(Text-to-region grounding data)
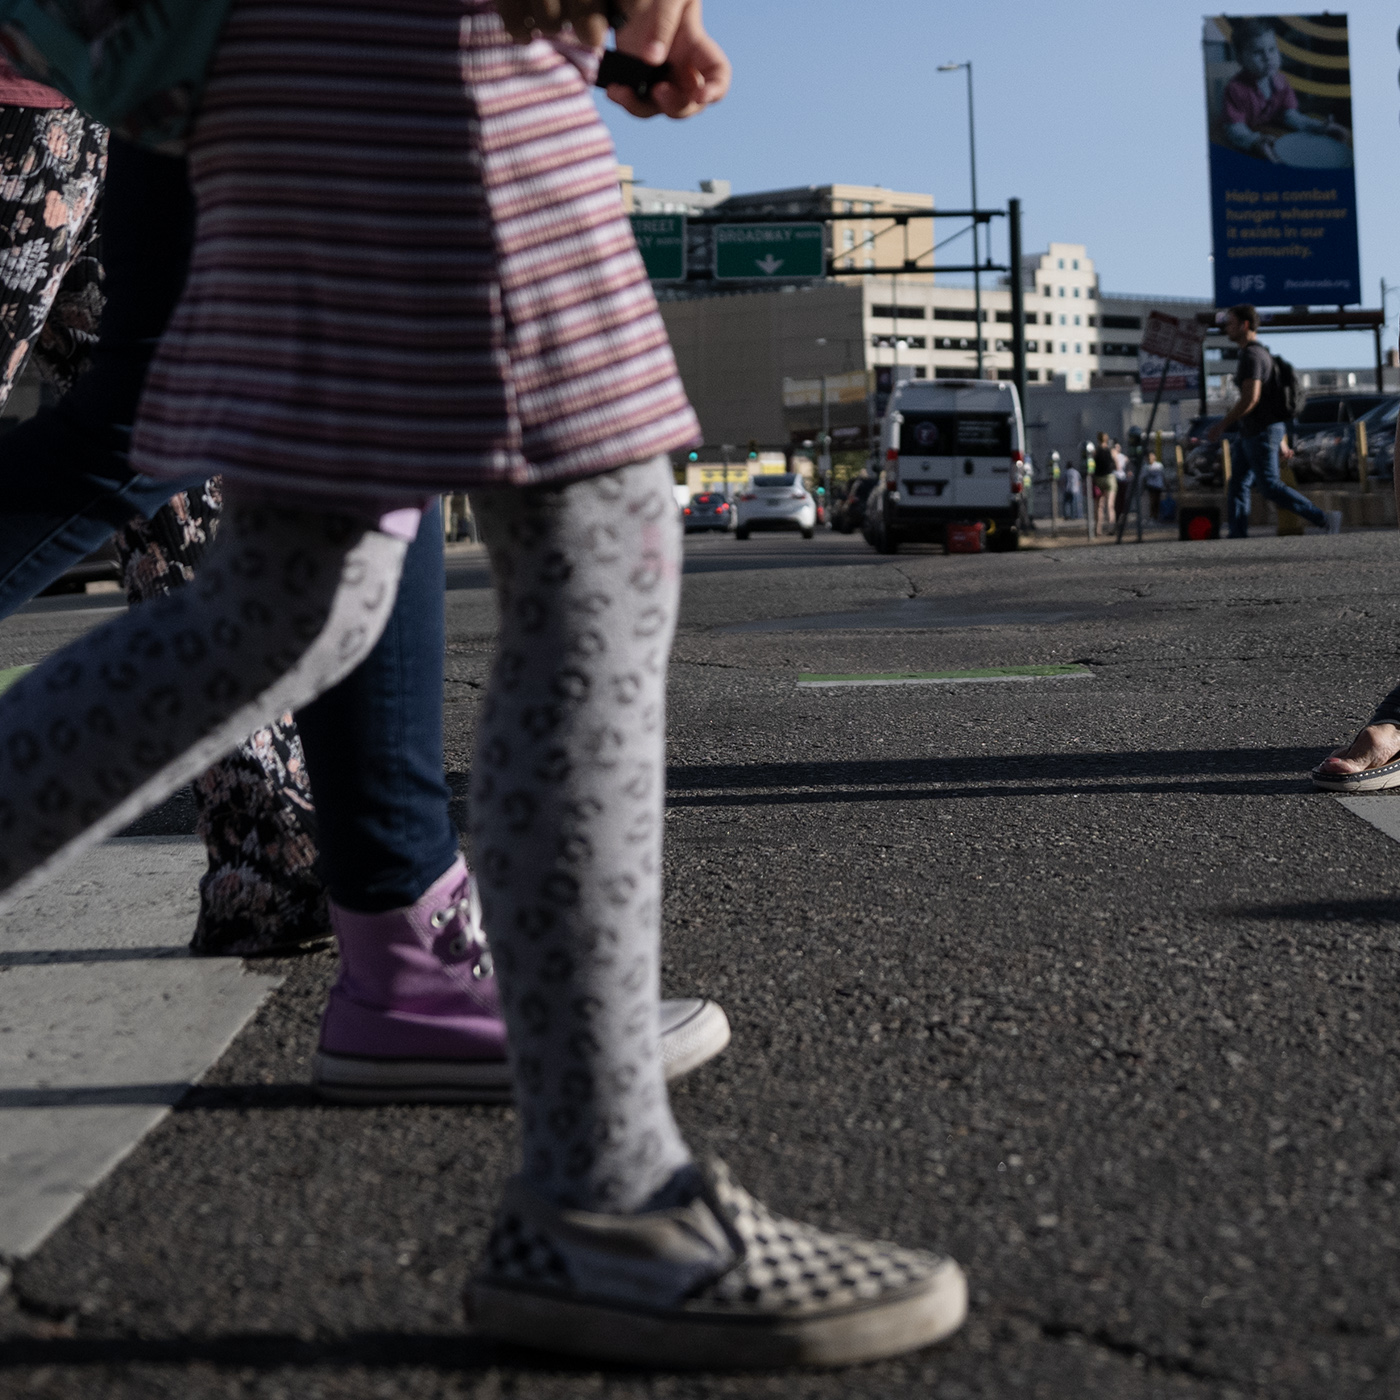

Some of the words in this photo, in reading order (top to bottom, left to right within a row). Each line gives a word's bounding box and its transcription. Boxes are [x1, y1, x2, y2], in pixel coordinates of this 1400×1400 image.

[1225, 188, 1260, 204] Help
[1262, 191, 1279, 202] us
[1282, 188, 1338, 202] combat
[1226, 208, 1278, 223] hunger
[1280, 207, 1348, 220] wherever
[719, 227, 793, 243] BROADWAY
[1240, 226, 1282, 239] exists
[1300, 227, 1325, 239] our
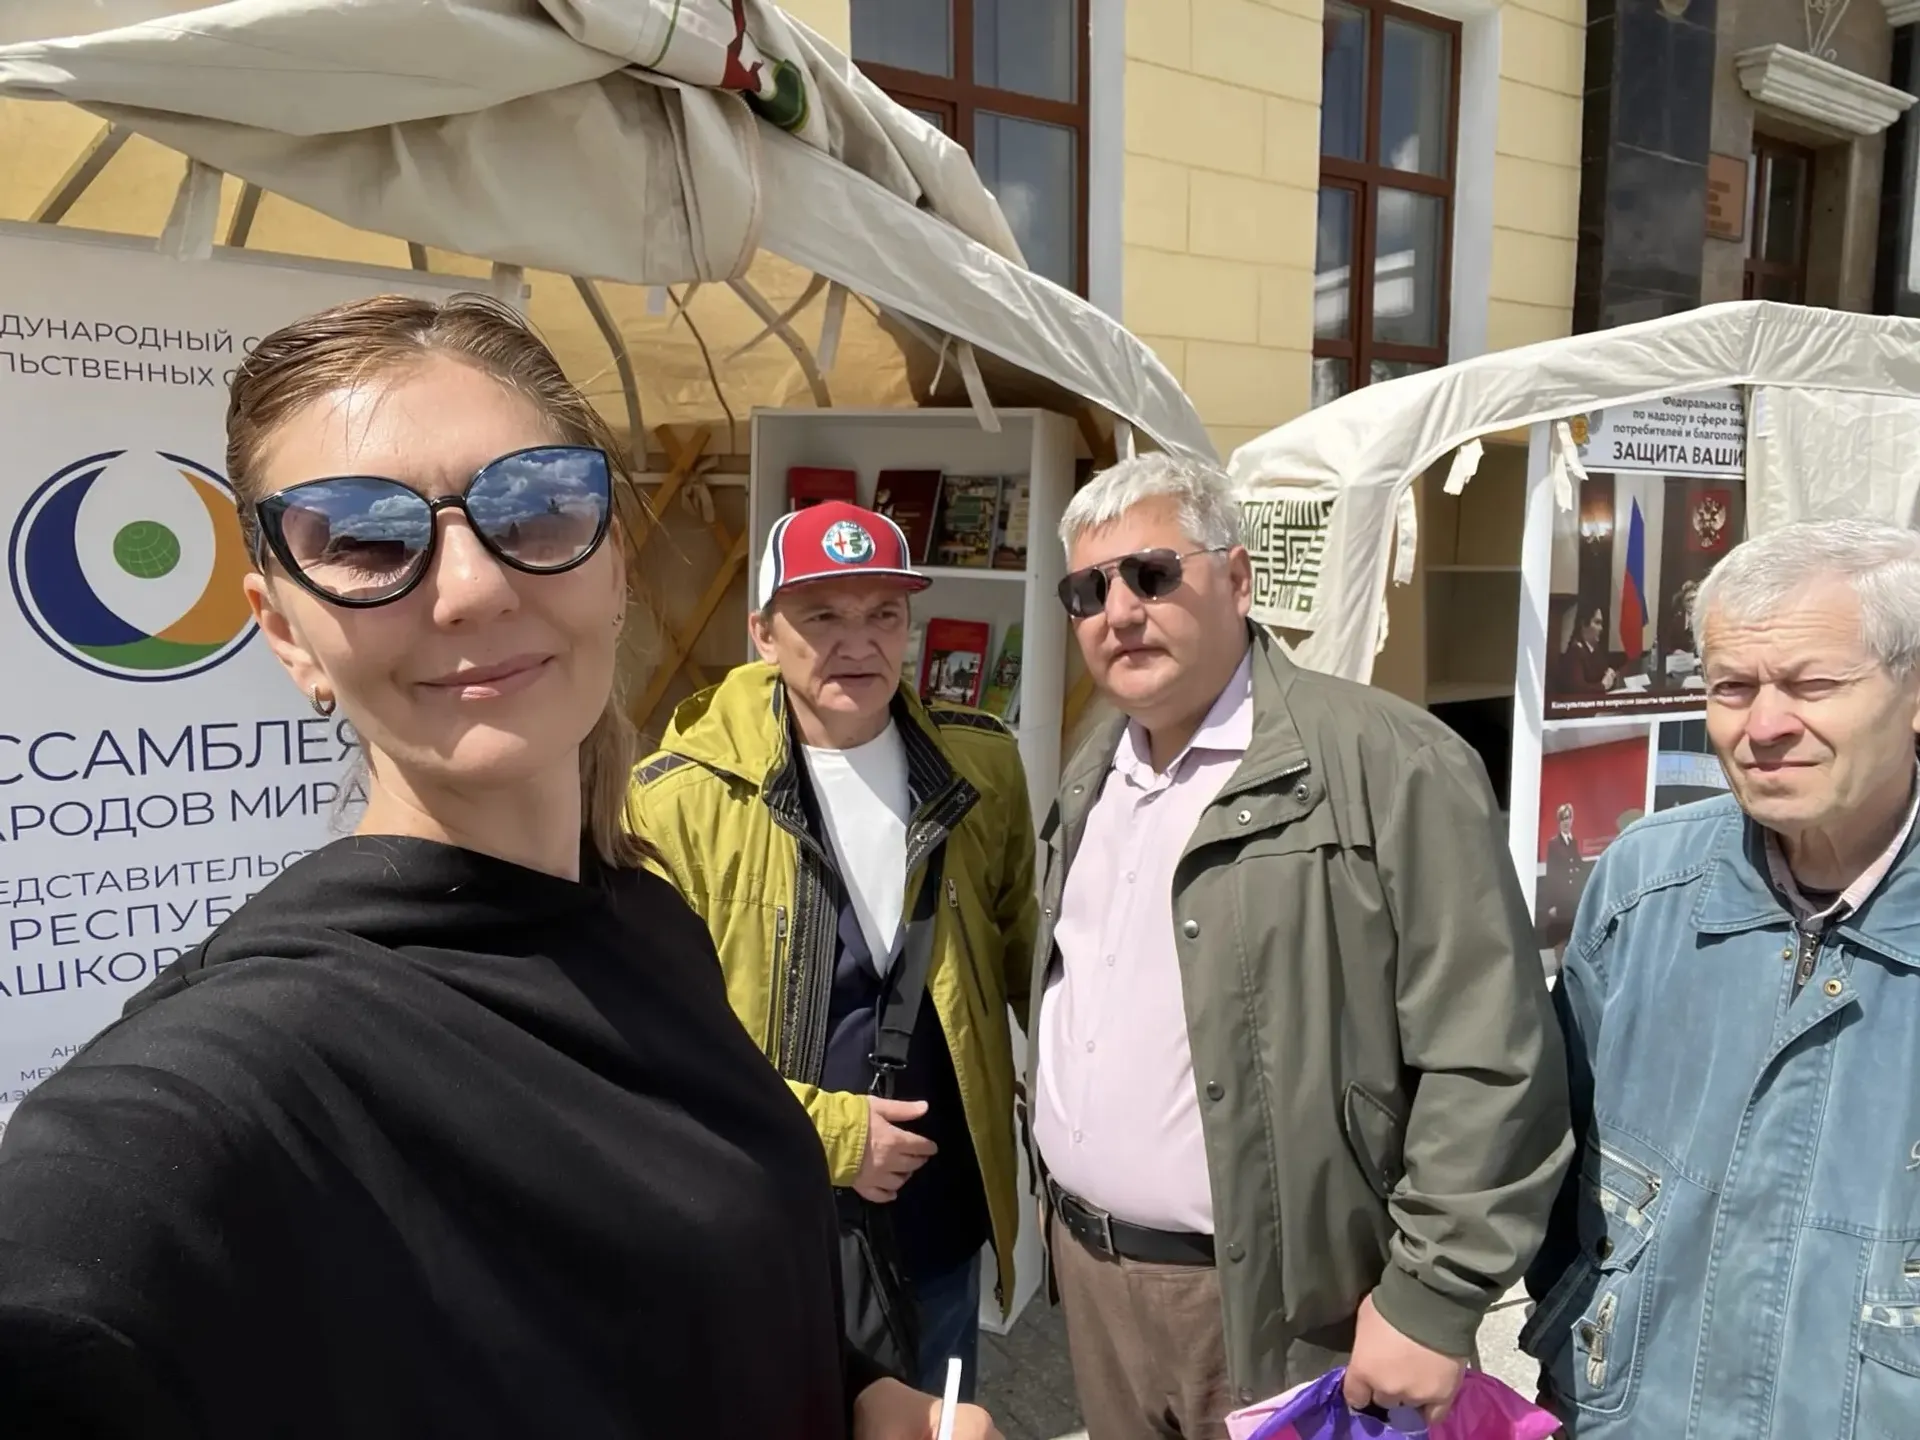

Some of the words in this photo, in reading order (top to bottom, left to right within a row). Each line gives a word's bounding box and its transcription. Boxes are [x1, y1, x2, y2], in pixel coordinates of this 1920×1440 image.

[1662, 396, 1727, 411] Федеральная
[1633, 409, 1645, 420] по
[1648, 411, 1687, 426] надзору
[1697, 413, 1727, 428] сфере
[1613, 424, 1683, 438] потребителей
[1694, 427, 1746, 444] благополу
[1613, 440, 1688, 465] ЗАЩИТА
[1692, 446, 1746, 468] ВАШИ
[0, 791, 215, 841] РОДОВ
[231, 780, 369, 822] МИРА
[10, 893, 257, 951] РЕСПУБ
[0, 943, 201, 998] ШКОР

_WORK REQUIRED_
Return all of the data exactly as written, and drop the pictures.

_OUTPUT FOR THIS EXERCISE_
Some of the words in this photo, in reading order (top to bottom, left to right within a row). Each line gives a word's bounding box and its transcription. Boxes are [x1, y1, x2, y2], in pixel coordinates of this 1400×1400 image.

[1225, 188, 1260, 204] Help
[1262, 191, 1279, 202] us
[1282, 188, 1338, 202] combat
[1226, 208, 1278, 223] hunger
[1280, 207, 1348, 220] wherever
[719, 227, 793, 243] BROADWAY
[1240, 226, 1282, 239] exists
[1300, 227, 1325, 239] our

Some of the words in this photo, in reading order (top to bottom, left to right within a row). Each line gives a word's bounding box and its transcription. Boxes are [x1, y1, x2, y2], in pixel coordinates of this 1920×1440 image.

[1662, 396, 1727, 411] Федеральная
[1633, 409, 1645, 420] по
[1648, 411, 1687, 426] надзору
[1697, 413, 1727, 428] сфере
[1613, 424, 1683, 438] потребителей
[1694, 427, 1746, 444] благополу
[1613, 440, 1688, 465] ЗАЩИТА
[1692, 446, 1746, 468] ВАШИ
[0, 791, 215, 841] РОДОВ
[231, 780, 369, 822] МИРА
[10, 893, 257, 951] РЕСПУБ
[0, 943, 201, 998] ШКОР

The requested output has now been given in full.